**PROBLEM DESCRIPTION**: Below are records to repeat exactly; copy them without the pictures.

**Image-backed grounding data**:
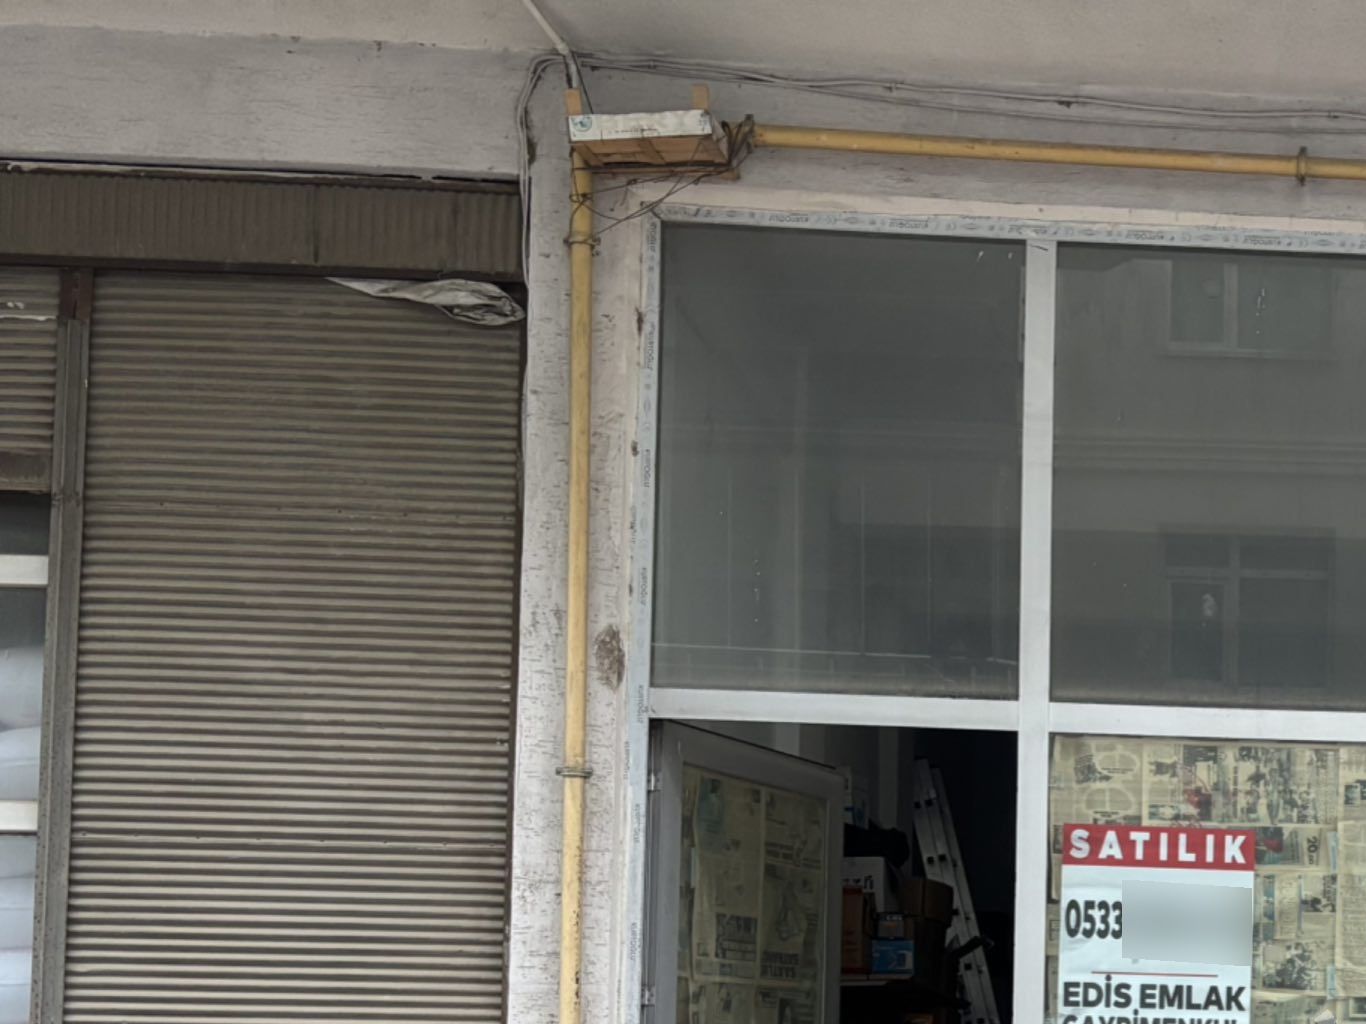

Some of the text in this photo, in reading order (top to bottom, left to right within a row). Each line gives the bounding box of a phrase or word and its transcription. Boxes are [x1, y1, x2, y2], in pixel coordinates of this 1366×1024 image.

[1069, 828, 1247, 865] SATILIK
[1065, 899, 1123, 939] 0533
[1139, 983, 1246, 1012] EMLAK
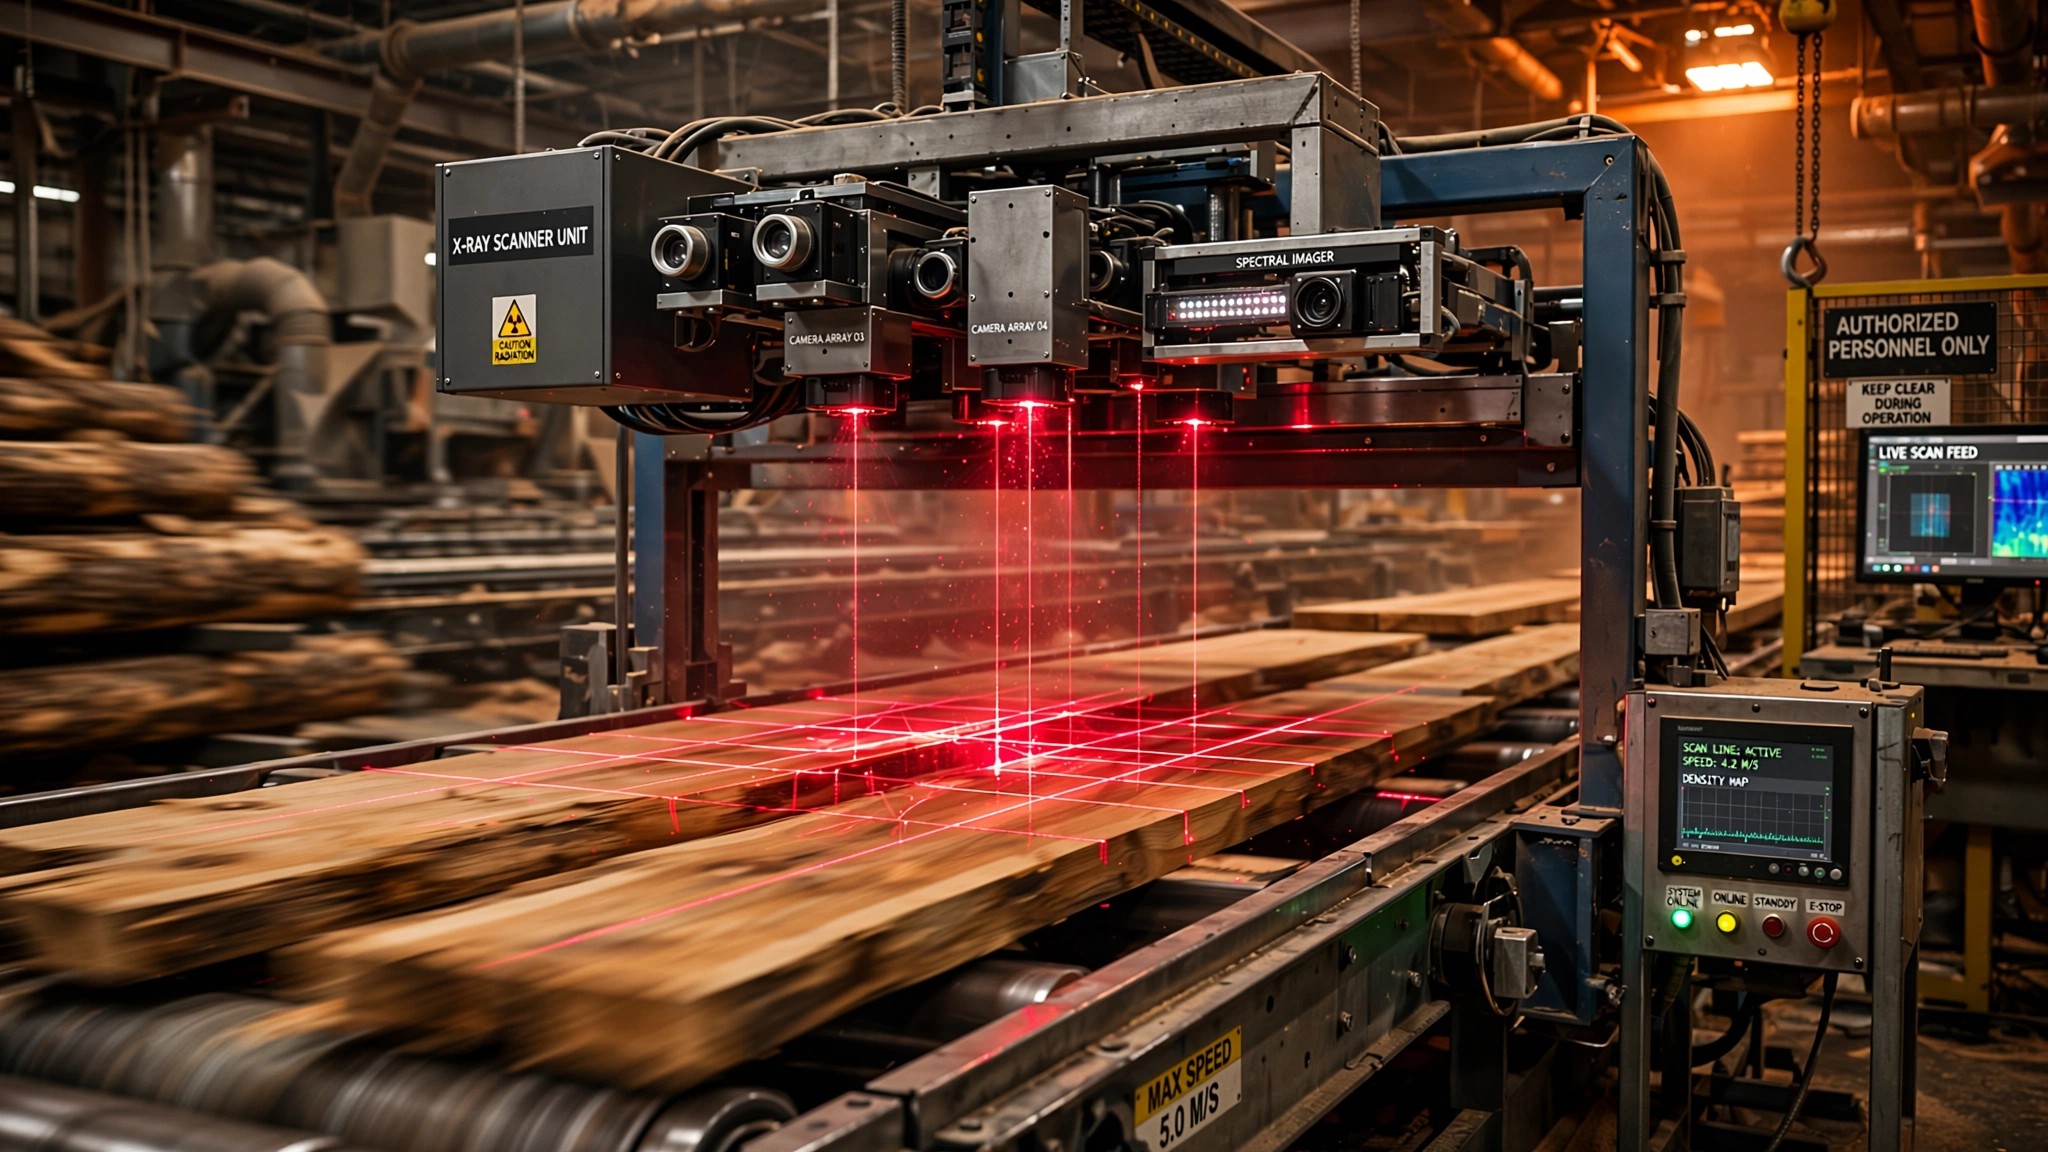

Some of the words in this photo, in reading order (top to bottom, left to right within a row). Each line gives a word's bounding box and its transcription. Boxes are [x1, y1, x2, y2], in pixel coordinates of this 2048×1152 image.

[453, 233, 490, 255] X-RAY
[493, 229, 554, 251] SCANNER
[557, 226, 589, 247] UNIT
[1236, 254, 1289, 269] SPECTRAL
[1292, 251, 1335, 265] IMAGER
[972, 323, 1006, 334] CAMERA
[1008, 321, 1036, 333] ARRAY
[1037, 321, 1048, 332] 04
[1836, 312, 1959, 336] AUTHORIZED
[499, 340, 531, 350] CAUTION
[789, 334, 824, 345] CAMERA
[825, 333, 853, 345] ARRAY
[853, 331, 865, 343] 03
[1829, 337, 1936, 359] PERSONNEL
[1941, 335, 1990, 356] ONLY
[1862, 384, 1891, 396] KEEP
[1895, 383, 1935, 395] CLEAR
[1875, 398, 1922, 410] DURING
[1862, 412, 1931, 424] OPERATION
[1879, 446, 1907, 460] LIVE
[1910, 446, 1943, 459] SCAN
[1946, 446, 1978, 459] FEED
[1683, 742, 1708, 753] SCAN
[1712, 744, 1741, 756] LINE:
[1745, 746, 1782, 758] ACTIVE
[1682, 756, 1717, 768] SPEED:
[1721, 758, 1738, 769] 4.2
[1741, 759, 1759, 771] M/S
[1682, 773, 1726, 786] DENSITY
[1729, 776, 1749, 787] MAP
[1713, 892, 1747, 906] ONLINE
[1809, 901, 1843, 913] E-STOP
[1147, 1067, 1182, 1114] MAX
[1186, 1038, 1232, 1088] SPEED
[1160, 1105, 1185, 1149] 5.0
[1190, 1082, 1219, 1128] M/S

**REPLY TO THE EXERCISE**:
Some of the text in this photo, in reading order (top to bottom, left to right within a row). Each line gives the bounding box of a phrase or word and its transcription. Boxes are [x1, y1, x2, y2], in pixel coordinates of this 1366×1024 image.

[1069, 828, 1247, 865] SATILIK
[1065, 899, 1123, 939] 0533
[1139, 983, 1246, 1012] EMLAK

Some of the words in this photo, in reading order (top to bottom, left to right within a row). Each line gives a word's bounding box and its transcription. Boxes are [x1, y1, x2, y2], in pixel coordinates of this 2048×1152 image.

[453, 233, 490, 255] X-RAY
[493, 229, 554, 251] SCANNER
[557, 226, 589, 247] UNIT
[1236, 254, 1289, 269] SPECTRAL
[1292, 251, 1335, 265] IMAGER
[972, 323, 1006, 334] CAMERA
[1008, 321, 1036, 333] ARRAY
[1037, 321, 1048, 332] 04
[1836, 312, 1959, 336] AUTHORIZED
[499, 340, 531, 350] CAUTION
[789, 334, 824, 345] CAMERA
[825, 333, 853, 345] ARRAY
[853, 331, 865, 343] 03
[1829, 337, 1936, 359] PERSONNEL
[1941, 335, 1990, 356] ONLY
[1862, 384, 1891, 396] KEEP
[1895, 383, 1935, 395] CLEAR
[1875, 398, 1922, 410] DURING
[1862, 412, 1931, 424] OPERATION
[1879, 446, 1907, 460] LIVE
[1910, 446, 1943, 459] SCAN
[1946, 446, 1978, 459] FEED
[1683, 742, 1708, 753] SCAN
[1712, 744, 1741, 756] LINE:
[1745, 746, 1782, 758] ACTIVE
[1682, 756, 1717, 768] SPEED:
[1721, 758, 1738, 769] 4.2
[1741, 759, 1759, 771] M/S
[1682, 773, 1726, 786] DENSITY
[1729, 776, 1749, 787] MAP
[1713, 892, 1747, 906] ONLINE
[1809, 901, 1843, 913] E-STOP
[1147, 1067, 1182, 1114] MAX
[1186, 1038, 1232, 1088] SPEED
[1160, 1105, 1185, 1149] 5.0
[1190, 1082, 1219, 1128] M/S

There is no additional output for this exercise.